User behaviour shows that people visit TikTok with a discovery mindset

The third video in Social Soup‘s What Good Influence Looks Like content series discusses the role of TikTok and its significance as a platform for engaging with consumers. Since TikTok has become mainstream it has tapped into cultural trends, fundamentally changing entertainment, information search, and social connections as well as covering nearly all the categories available in market. Now, where there are creators with an audience, there is a role for brands to tap into that audience.

Like the previous video in the series, this one reiterates the crucial role TikTok plays in omni-influence planning. With Gen Z spending four times longer on TikTok than watching TV, and with TikTok having overtaken Google as the top platform for search this past year, it is crucial for brands to be present on the platform if they want to connect with their target audience effectively. But to do that, it’s important to understand the audience and their engagement patterns on TikTok to effectively utilise it. Marketers need to see the platform as its own entity, with creators and content tailored for its purpose.
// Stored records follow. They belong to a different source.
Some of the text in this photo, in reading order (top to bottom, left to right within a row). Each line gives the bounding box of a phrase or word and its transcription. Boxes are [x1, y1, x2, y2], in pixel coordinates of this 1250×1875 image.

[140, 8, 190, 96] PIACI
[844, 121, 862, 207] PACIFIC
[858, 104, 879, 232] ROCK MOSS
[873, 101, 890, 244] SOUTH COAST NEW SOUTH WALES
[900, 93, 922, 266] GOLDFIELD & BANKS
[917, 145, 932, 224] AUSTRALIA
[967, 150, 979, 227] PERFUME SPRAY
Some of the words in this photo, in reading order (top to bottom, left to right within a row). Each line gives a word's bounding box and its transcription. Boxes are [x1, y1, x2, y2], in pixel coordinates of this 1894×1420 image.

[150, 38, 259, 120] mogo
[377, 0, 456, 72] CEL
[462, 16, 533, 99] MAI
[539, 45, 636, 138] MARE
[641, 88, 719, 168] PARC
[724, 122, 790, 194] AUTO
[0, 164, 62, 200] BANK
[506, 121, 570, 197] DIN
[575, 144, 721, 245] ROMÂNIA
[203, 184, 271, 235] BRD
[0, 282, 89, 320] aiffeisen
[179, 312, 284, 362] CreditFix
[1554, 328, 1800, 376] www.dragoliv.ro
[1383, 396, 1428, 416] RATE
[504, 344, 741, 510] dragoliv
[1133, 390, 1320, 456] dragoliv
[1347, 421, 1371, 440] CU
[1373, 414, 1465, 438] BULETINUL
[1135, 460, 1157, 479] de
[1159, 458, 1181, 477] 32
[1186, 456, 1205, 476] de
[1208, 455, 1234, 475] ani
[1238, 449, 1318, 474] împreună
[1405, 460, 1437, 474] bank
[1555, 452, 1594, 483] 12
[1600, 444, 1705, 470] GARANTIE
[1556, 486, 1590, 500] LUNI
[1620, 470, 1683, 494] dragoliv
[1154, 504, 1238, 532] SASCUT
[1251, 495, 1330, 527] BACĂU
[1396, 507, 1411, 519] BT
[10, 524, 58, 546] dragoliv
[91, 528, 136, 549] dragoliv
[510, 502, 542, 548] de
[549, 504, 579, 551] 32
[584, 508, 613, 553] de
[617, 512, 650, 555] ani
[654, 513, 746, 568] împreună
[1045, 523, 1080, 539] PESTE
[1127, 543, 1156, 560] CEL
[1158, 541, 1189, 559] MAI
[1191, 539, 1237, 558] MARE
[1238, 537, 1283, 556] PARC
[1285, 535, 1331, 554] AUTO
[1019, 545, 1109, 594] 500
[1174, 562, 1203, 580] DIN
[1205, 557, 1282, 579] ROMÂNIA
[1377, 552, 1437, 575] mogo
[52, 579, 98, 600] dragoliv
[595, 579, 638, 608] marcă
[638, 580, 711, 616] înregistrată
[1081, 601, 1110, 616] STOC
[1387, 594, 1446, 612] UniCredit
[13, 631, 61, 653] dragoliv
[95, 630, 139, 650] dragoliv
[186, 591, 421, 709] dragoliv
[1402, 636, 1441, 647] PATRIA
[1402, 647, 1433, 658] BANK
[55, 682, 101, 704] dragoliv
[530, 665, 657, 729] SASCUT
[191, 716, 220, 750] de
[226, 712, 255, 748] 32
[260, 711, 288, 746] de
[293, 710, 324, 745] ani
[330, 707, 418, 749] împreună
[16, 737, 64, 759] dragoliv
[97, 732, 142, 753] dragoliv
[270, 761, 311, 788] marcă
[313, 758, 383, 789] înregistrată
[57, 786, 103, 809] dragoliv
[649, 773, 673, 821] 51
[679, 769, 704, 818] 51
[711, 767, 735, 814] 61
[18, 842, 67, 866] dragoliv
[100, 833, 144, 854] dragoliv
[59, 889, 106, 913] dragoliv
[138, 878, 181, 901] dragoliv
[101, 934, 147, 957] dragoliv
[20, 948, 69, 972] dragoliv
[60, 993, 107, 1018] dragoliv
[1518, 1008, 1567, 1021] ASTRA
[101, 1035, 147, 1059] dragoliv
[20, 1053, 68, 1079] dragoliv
User behaviour shows that people visit TikTok with a discovery mindset, seeking entertainment and learning. It is a platform for product discovery, and therefore users are more likely to purchase products they see on the platform. As a brand, being present on TikTok supports an omni-channel influence strategy, enhancing the impact of advertising across multiple platforms.

Brands need to understand TikTok as a platform, tailor their content to suit its unique purpose, and incorporate it into their omni-channel strategies to maximise impact. With its large user base and cultural influence, TikTok has become a critical medium for reaching your brand’s audience.